No mês em que o Estatuto da Criança e do Adolescente (ECA) completa 36 anos, a trajetória de Haidee Barufaldi ajuda a contar parte da história da proteção à infância em Ijuí. Aos 80 anos, a primeira conselheira tutelar do município recorda os desafios enfrentados no início da implantação do Conselho Tutelar e avalia as transformações conquistadas ao longo das últimas décadas. Filha da professora Deolinda Barufaldi, que dá nome a uma escola do município, Haidee integrou as duas primeiras gestões do Conselho Tutelar de Ijuí. Ela lembra que os primeiros conselheiros foram indicados por instituições ligadas à comunidade e, posteriormente, eleitos pela população.
Em entrevista ao programa Rádio Ligado nesta manhã (21), Haidee contou que na época, porém, o trabalho começou em condições bastante precárias. “Durante nove meses trabalhamos sem receber salário. Usávamos nossos próprios carros, buscávamos combustível para atender as ocorrências e funcionávamos em uma pequena sala, com uma máquina de escrever e praticamente nenhuma estrutura”, recorda. Segundo Haidee, as denúncias mais frequentes envolviam violência física, abuso sexual e maus-tratos contra crianças e adolescentes.
Ela relembra episódios que ficaram marcados, como crianças obrigadas a caminhar de joelhos como castigo, outras submetidas a humilhações e situações de negligência em instituições de acolhimento. “Chegamos a encontrar crianças com roupas inadequadas, sofrendo castigos físicos e vivendo situações que hoje seriam impensáveis”, afirma.
Um dos casos que mais a emocionou foi o de uma adolescente vítima de abuso dentro da própria família. A jovem frequentava diariamente o Conselho Tutelar em busca de um ambiente seguro, até conseguir criar confiança para relatar o que estava acontecendo. Para Haidee, o diálogo sempre foi uma das principais ferramentas do trabalho.”É preciso acolher com amor. A criança precisa confiar para conseguir falar.”
Apesar de considerar que a missão do Conselho Tutelar continua sendo a mesma: proteger crianças e adolescentes. Haidee destaca que a estrutura disponível atualmente representa um avanço significativo. Ela participou recentemente da inauguração da nova sede do Conselho Tutelar de Ijuí e diz ter sentido um “ciúme bom” ao comparar as instalações atuais com as do início da década de 1990. “Hoje existe um espaço adequado para atender as famílias. Nós trabalhamos até em uma garagem e houve época em que nem banheiro tínhamos.”
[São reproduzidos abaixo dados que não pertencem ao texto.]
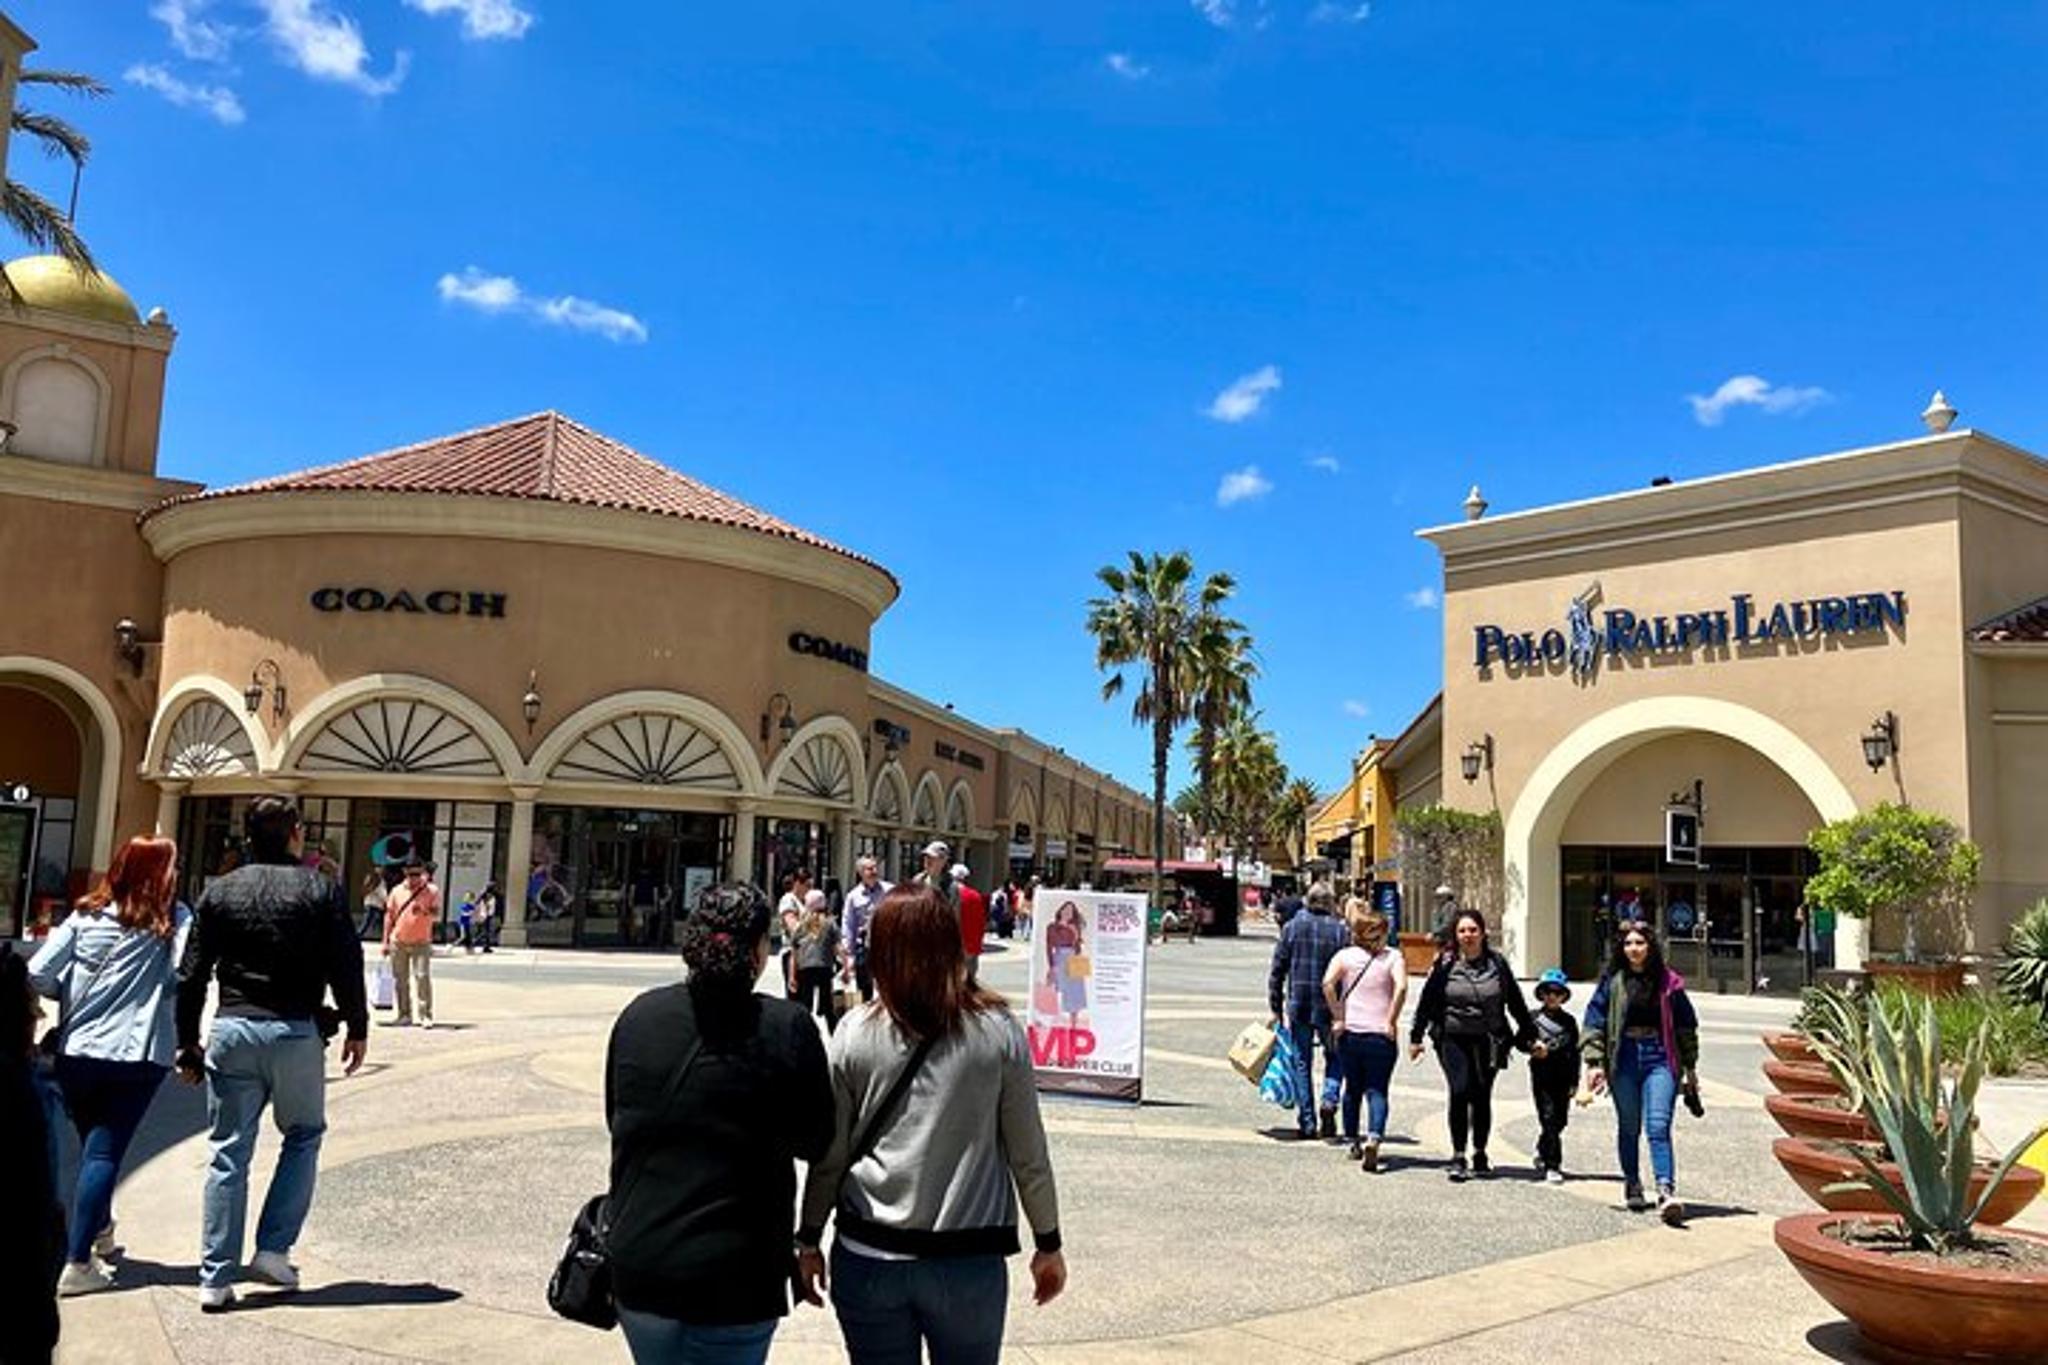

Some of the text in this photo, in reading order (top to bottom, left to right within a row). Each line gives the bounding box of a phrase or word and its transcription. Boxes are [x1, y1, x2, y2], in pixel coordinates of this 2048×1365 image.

[310, 587, 508, 618] COACH
[1474, 591, 1906, 667] POLO RALPH LAUREN
[1027, 1025, 1096, 1068] VIP
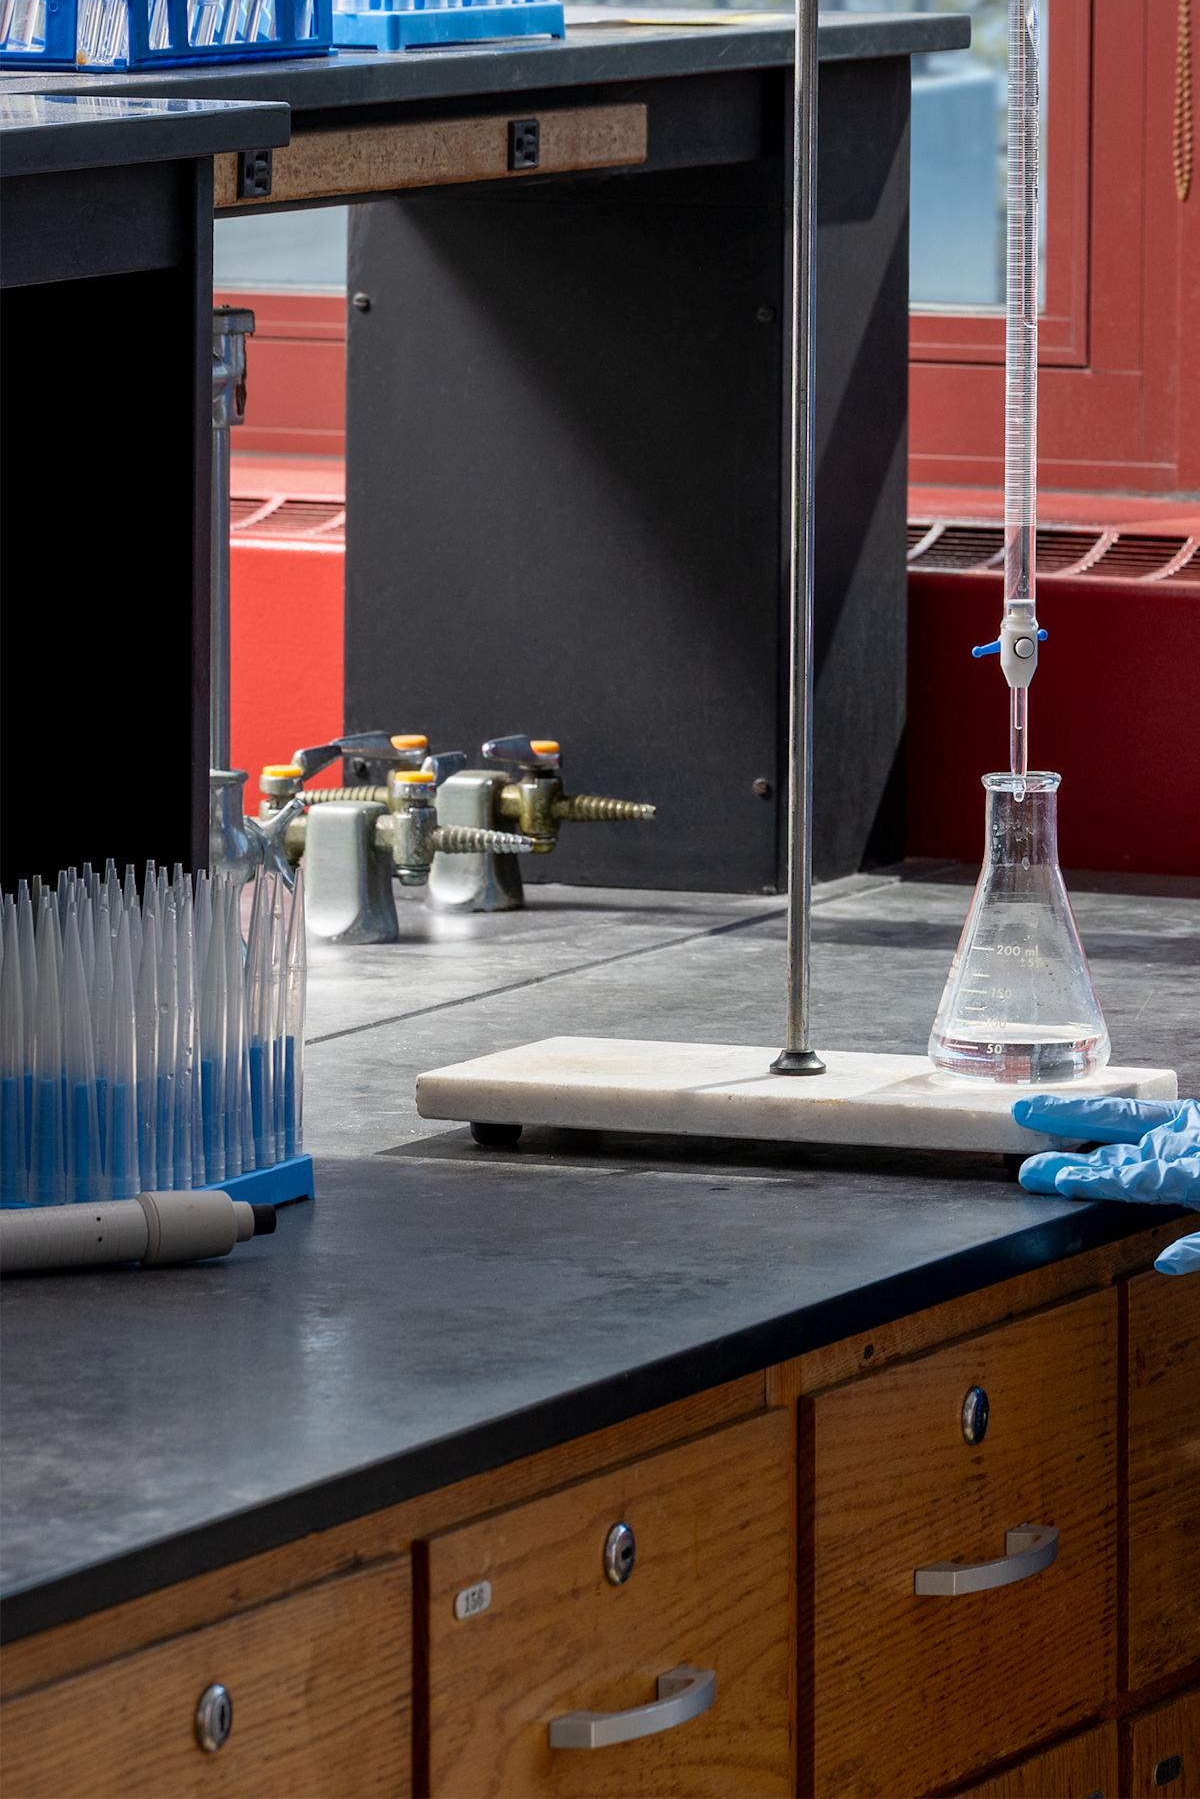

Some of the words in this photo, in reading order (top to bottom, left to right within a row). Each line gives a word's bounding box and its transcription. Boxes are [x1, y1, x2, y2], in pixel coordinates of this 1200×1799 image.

[996, 944, 1021, 956] 200
[991, 987, 1012, 999] 150
[986, 1043, 1003, 1055] 50
Outro ponto lembrado por ela foi a busca por capacitação. Os primeiros conselheiros custeavam com recursos próprios as viagens e cursos de formação para aprender a desempenhar uma função que ainda era novidade no país. Haidee também lamenta que, ao final de sua gestão, toda a documentação produzida pelo Conselho Tutelar tenha sido descartada. Segundo ela, os registros permitiam dar continuidade aos atendimentos e preservar a história dos casos acompanhados.
“O Conselho é um órgão coletivo. Cada conselheiro precisa conhecer o histórico das famílias para dar continuidade ao trabalho.” Após mais de três décadas da criação do ECA, Haidee acredita que o maior aprendizado continua sendo o acolhimento humanizado. Para ela, proteger crianças e adolescentes exige sensibilidade, escuta e compromisso. “Tem que ter amor. A criança precisa sentir confiança para falar.”
A entrevista também trouxe lembranças da influência de sua mãe, Deolinda Barufaldi, professora que marcou gerações em Ijuí. Haidee atribui à educação recebida em casa o senso de responsabilidade e dedicação ao próximo. Aos 80 anos, ainda dirigindo, participando de atividades comunitárias e acompanhando a evolução do Conselho Tutelar, ela deixa uma reflexão que ultrapassa sua própria trajetória: “Não adianta viver preso ao passado. O que importa é o presente. É hoje que podemos fazer a diferença.”